Beam-splitter-free, high-rate quantum key distribution inspired by intrinsic quantum mechanical spatial randomness of entangled photons

Abstract

Quantum key distribution (QKD) using entangled photon sources (EPS) is a cornerstone of secure communication. Despite rapid advances in QKD, conventional protocols still employ beam splitters (BSs) for passive random basis selection. However, BSs intrinsically suffer from photon loss, imperfect splitting ratios, and polarization dependence, limiting the key rate, increasing the quantum bit error rate (QBER), and constraining scalability, particularly over long distances. By contrast, EPSs based on spontaneous parametric down-conversion (SPDC) intrinsically exhibit quantum randomness in spatial and spectral degrees of freedom, offering a natural replacement for BS-based basis selection. Here, we demonstrate a proof-of-concept QKD scheme that exploits the intrinsic spatial randomness of SPDC without employing beam splitters. The annular SPDC emission ring is divided into four spatial sections, effectively generating two independent EPSs whose photon pairs are distributed to Alice and Bob. Crucially, the measurement basis is not predetermined but is assigned after photon detection by exploiting intrinsic detector timing jitter, thereby concealing the basis information from a potential eavesdropper.
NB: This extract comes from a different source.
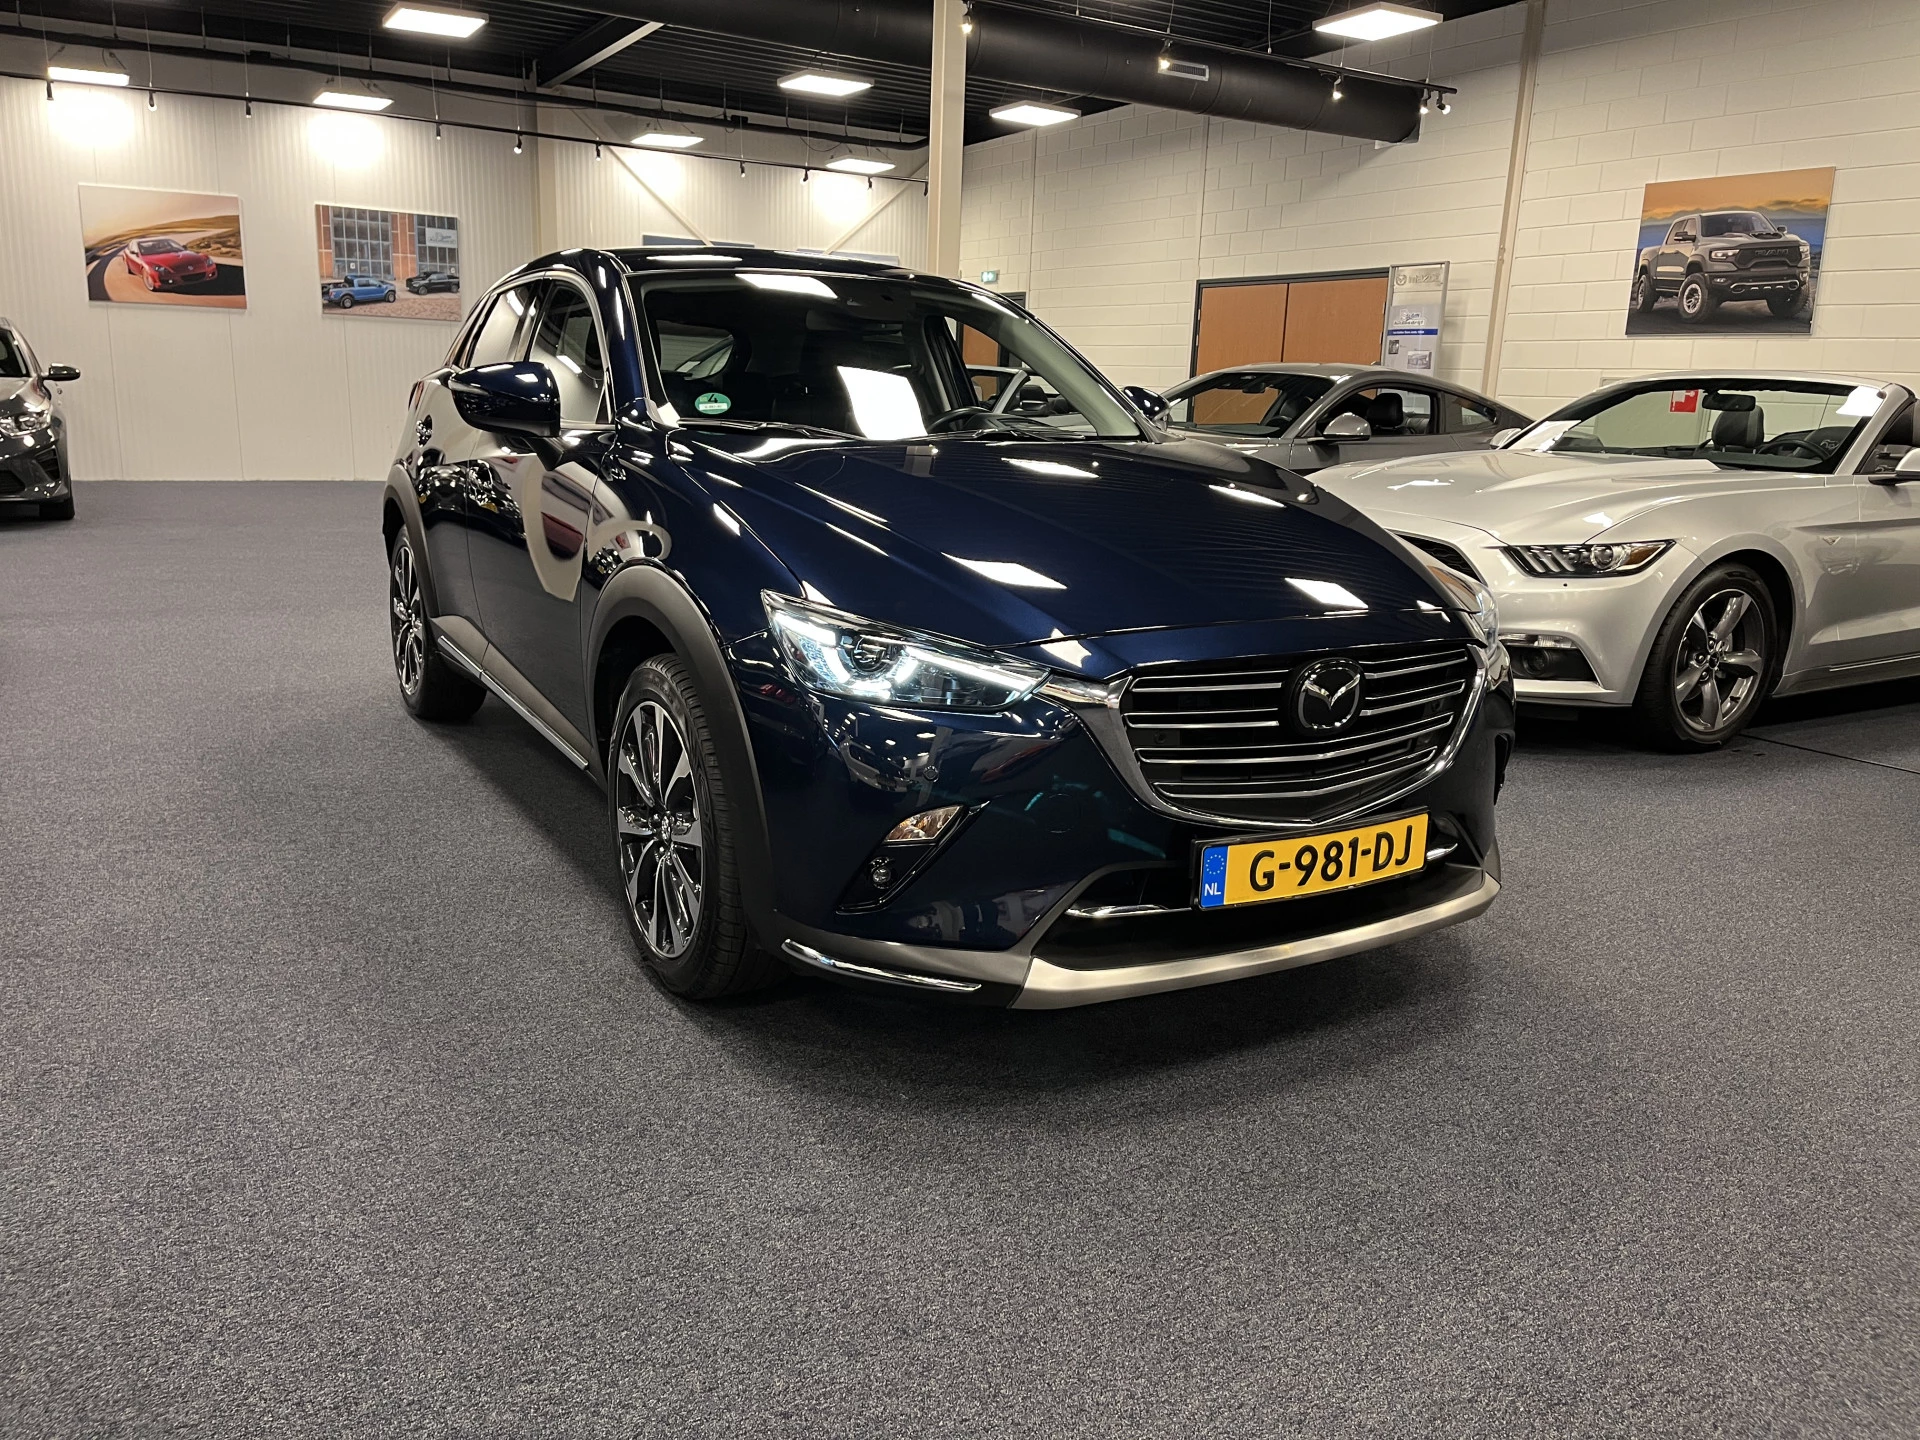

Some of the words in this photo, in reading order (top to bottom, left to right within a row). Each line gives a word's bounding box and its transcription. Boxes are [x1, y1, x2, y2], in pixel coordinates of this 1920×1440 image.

[708, 394, 718, 403] 4
[1249, 824, 1413, 892] G-981-DJ
[1204, 882, 1221, 896] NL
This post-detection basis assignment emulates stochastic basis choice while avoiding BS-induced losses and bias. Experimentally, our scheme achieves a 6.4-fold enhancement in sifted key rate, a consistently reduced QBER, and a near-ideal encoding balance between linear and rectilinear bases. Furthermore, the need for four spatial channels can be avoided by employing wavelength demultiplexing to generate two EPSs at distinct wavelength pairs. Harnessing intrinsic spatial/spectral randomness thus enables robust, bias-free, high-rate, and low-QBER QKD, offering a scalable pathway for next-generation quantum networks.